First, using unmap_stage2_range() here is not quite appropriate. Suppose
we've only accessed one 2M page in HPA [x, x+1]Gib range, with other
pages unaccessed.  What will happen if unmap_stage2_range(this_2M_page)?
We'll unexpectedly reach clear_stage2_pud_entry(), and things are going
to get really bad.  So we'd better use unmap_stage2_ptes() here since we
only want to unmap a 2M range.


Second, consider below function stack:

   unmap_stage2_ptes()
     clear_stage2_pmd_entry()
       put_page(virt_to_page(pmd))

It seems that we have one "redundant" put_page() here, (thus comes the
bad kernel log ... ,) but actually we do not.  By stage2_set_pmd_huge(),
the PMD table entry will then point to a 2M block (originally pointed
to a PTE table), the _refcount of this PMD-level table page should _not_
change after unmap_stage2_ptes().  So what we really should do is adding
a get_page() after unmapping to keep the _refcount a balance!


thoughts ? A simple patch below (based on yours) for details.


thanks,

zenghui


>>
>> It seems that kvm decreases the _refcount of the page twice in 
>> transparent_hugepage_adjust()
>> and unmap_stage2_range().
> 
> But I thought we should be doing that on the head_page already, as this 
> is THP.
> I will take a look and get back to you on this.

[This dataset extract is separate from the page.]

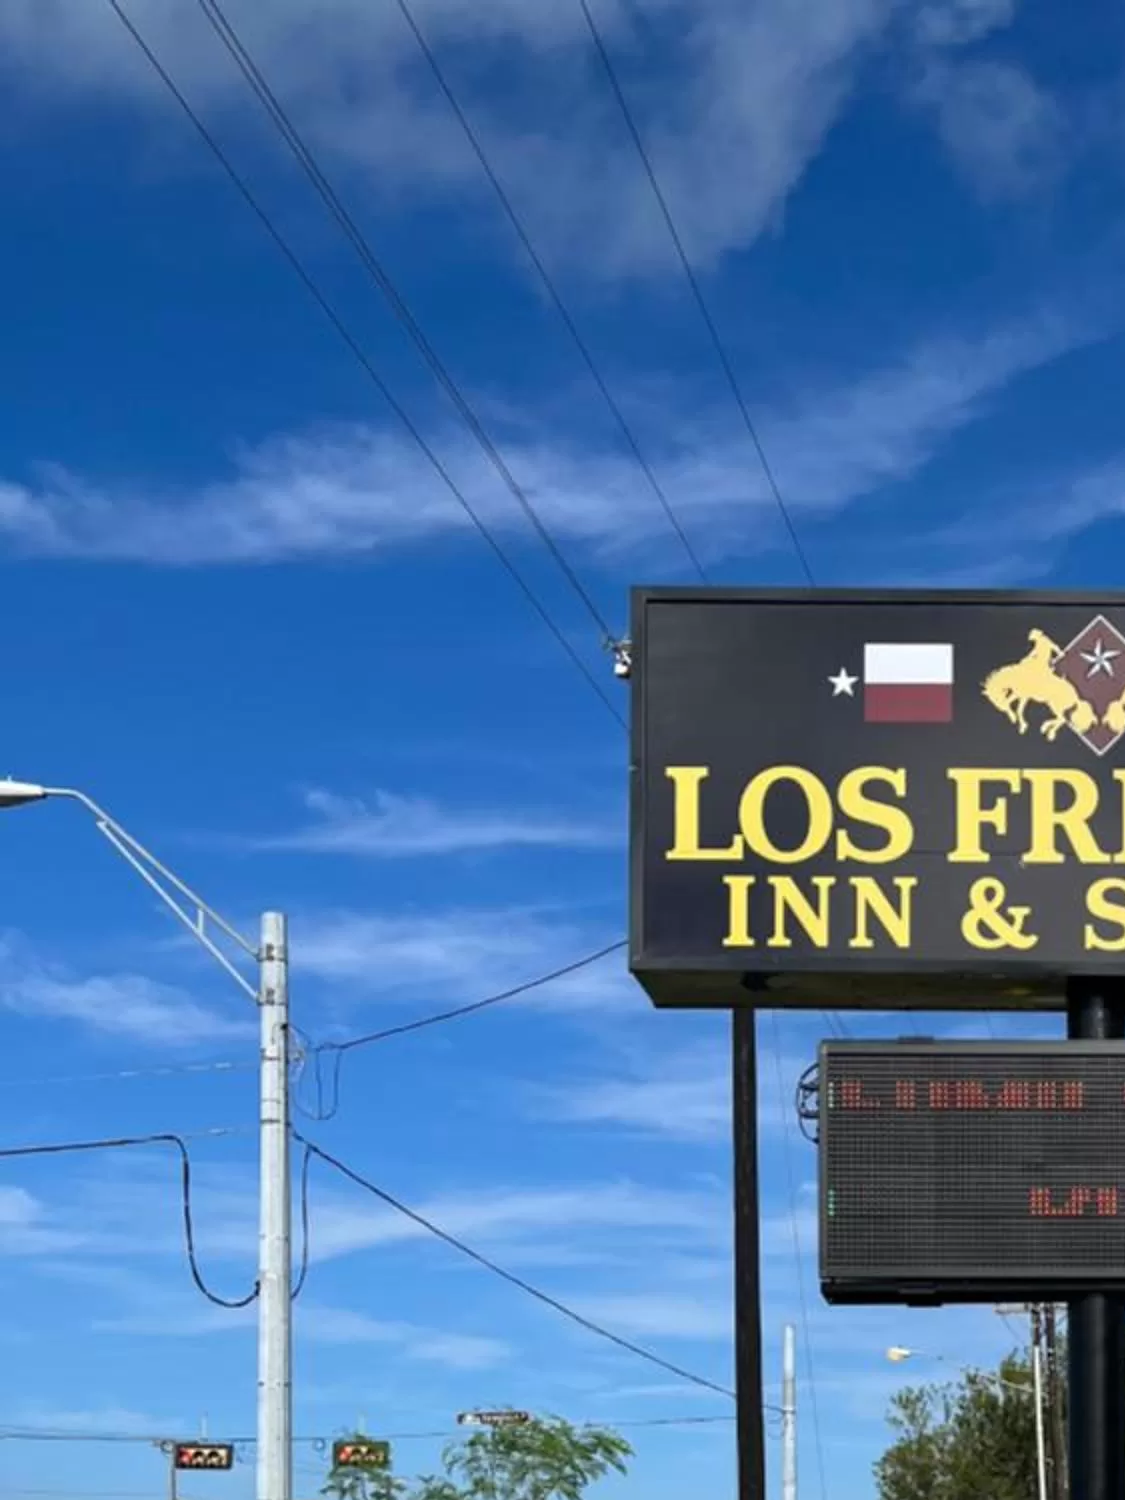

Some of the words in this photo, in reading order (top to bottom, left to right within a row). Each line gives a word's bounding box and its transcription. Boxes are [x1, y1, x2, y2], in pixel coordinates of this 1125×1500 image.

[665, 765, 914, 865] LOS
[723, 874, 916, 948] INN
[961, 877, 1038, 951] &
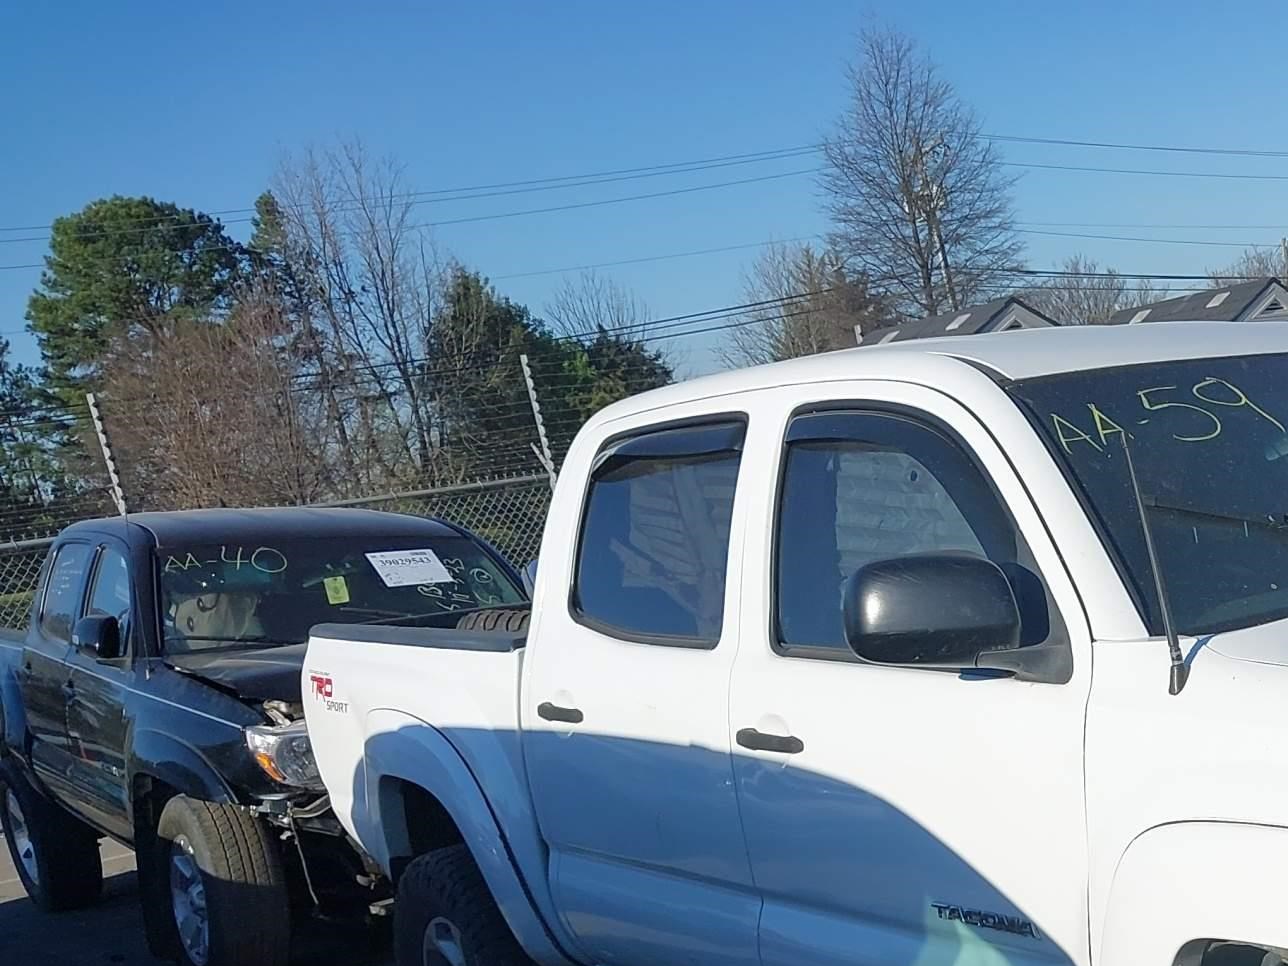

Btw, is it possible for you
> to turn on CONFIG_DEBUG_VM and re-run with the above patch ?
> 
> Kind regards
> Suzuki
> 

---8<---

test: kvm: arm: Maybe two more fixes

Applied based on Suzuki's patch.

Signed-off-by: Zenghui Yu <yuzenghui@huawei.com>
---
  virt/kvm/arm/mmu.c | 8 ++++++--
  1 file changed, 6 insertions(+), 2 deletions(-)

diff --git a/virt/kvm/arm/mmu.c b/virt/kvm/arm/mmu.c
index 05765df..ccd5d5d 100644
--- a/virt/kvm/arm/mmu.c
+++ b/virt/kvm/arm/mmu.c
@@ -1089,7 +1089,9 @@ static int stage2_set_pmd_huge(struct kvm *kvm, 
struct kvm_mmu_memory_cache
  		 * Normal THP split/merge follows mmu_notifier
  		 * callbacks and do get handled accordingly.
  		 */
-			unmap_stage2_range(kvm, (addr & S2_PMD_MASK), S2_PMD_SIZE);
+			addr &= S2_PMD_MASK;
+			unmap_stage2_ptes(kvm, pmd, addr, addr + S2_PMD_SIZE);
+			get_page(virt_to_page(pmd));
  		} else {

  			/*
@@ -1138,7 +1140,9 @@ static int stage2_set_pud_huge(struct kvm *kvm, 
struct kvm_mmu_memory_cache *cac
  	if (stage2_pud_present(kvm, old_pud)) {
  		/* If we have PTE level mapping, unmap the entire range */
  		if (WARN_ON_ONCE(!stage2_pud_huge(kvm, old_pud))) {
-			unmap_stage2_range(kvm, addr & S2_PUD_MASK, S2_PUD_SIZE);
+			addr &= S2_PUD_MASK;
+			unmap_stage2_pmds(kvm, pudp, addr, addr + S2_PUD_SIZE);
+			get_page(virt_to_page(pudp));
  		} else {
  			stage2_pud_clear(kvm, pudp);
  			kvm_tlb_flush_vmid_ipa(kvm, addr);
-- 
1.8.3.1